Dos 27 municípios da região, apenas 12 tem agência bancária. Os demais têm que se virar com canais de acesso alternativos aos serviços financeiros, como as lotéricas, os Correios, cooperativas de crédito ou estabelecimentos comerciais que atuam como correspondentes bancários, além dos postos de atendimento bancários (PABs). Nesses pontos, entretanto, a oferta de serviços é menor, há limite para saques e pagamentos de boletos e o usuário não tem a sua disposição toda a carta de serviços ofertados.

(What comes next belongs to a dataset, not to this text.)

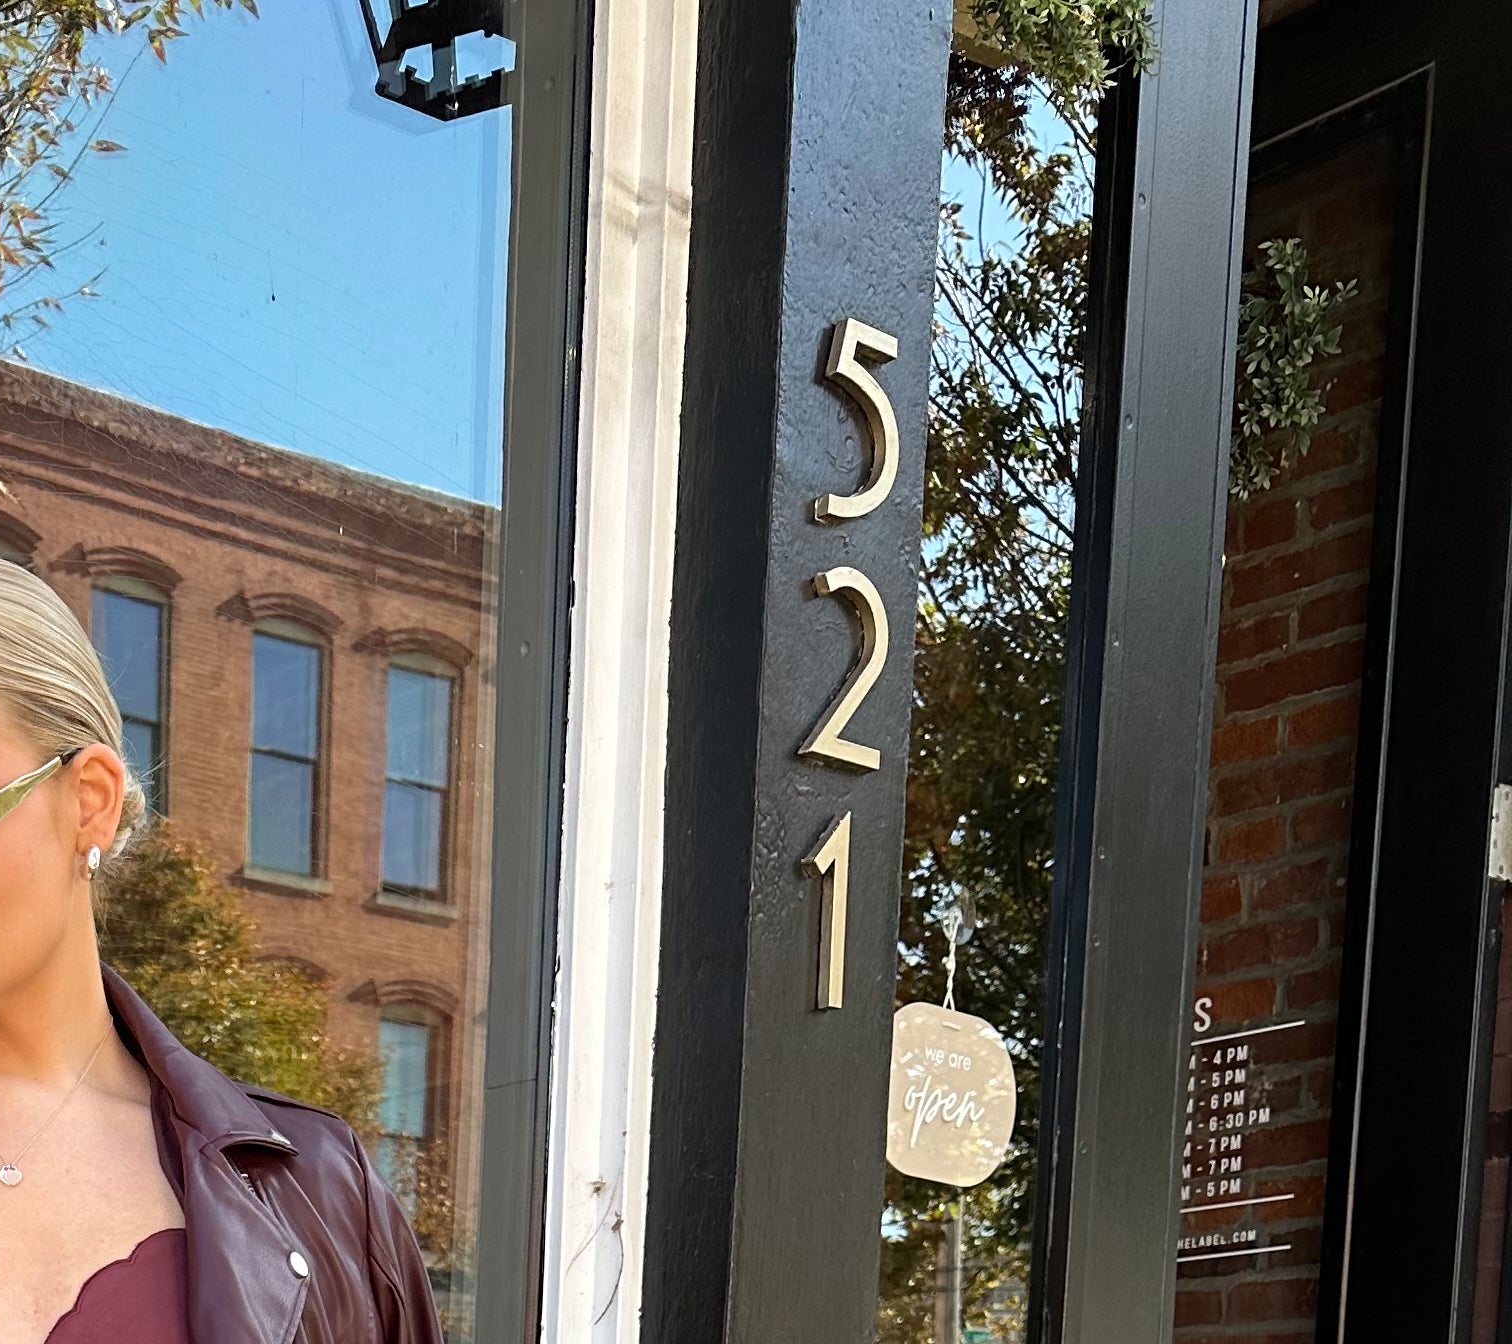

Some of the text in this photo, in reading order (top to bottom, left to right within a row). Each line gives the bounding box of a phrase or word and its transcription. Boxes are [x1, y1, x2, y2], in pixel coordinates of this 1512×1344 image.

O encolhimento do número de agências bancárias, ressalte-se, não é uma realidade local. Pelo contrário, é uma tendência em todo o país. Dados do Banco Central (BC) apontam que o número de municípios sem qualquer agência bancária aumentou mais de 136% em apenas quatro anos. Ainda segundo os dados do BC, o número total de agências bancárias no Brasil caiu de 22.826 em 2015 para 22.547 no final do ano passado. Não foram só as agências que encolheram, seus quebra-galhos, os chamados correspondentes bancários, também reduziram. No final de 2016 eram 276,8 mil pontos, ante 293,8 mil em 2015.
E essa é uma tendência que deve se acentuar pelos próximos anos. Com o avanço do acesso da população a internet e a popularização dos smartphones, cada vez mais a população consegue resolver afazeres digitalmente. O que é ótimo, diga-se de passagem.
Contudo, quando é preciso atendimento presencial - e há um enorme leque de situações que não temos como escapar disso -, é que se percebe o imenso abismo da qualidade do serviço bancário. O incêndio que fechou a principal agência da Caixa de Apucarana em janeiro vem mostrando bem isso. Note-se que o banco tem uma segunda agência na cidade, o que não minimizou em nada o festival de filas a que os usuários foram submetidos nas últimas semanas. Ontem, por conta das contas inativas do FGTS, a fila dobrou o quarteirão.
O fato é que o brasileiro paga muito caro pelo atendimento que recebe. Os pacotes de tarifa de manutenção de contas são caros, os juros são abusos e o respeito ao usuário anda em falta. E com apenas quatro grandes bancos detendo 72,4% dos ativos do sistema bancário brasileiro há pouca margem para melhorias.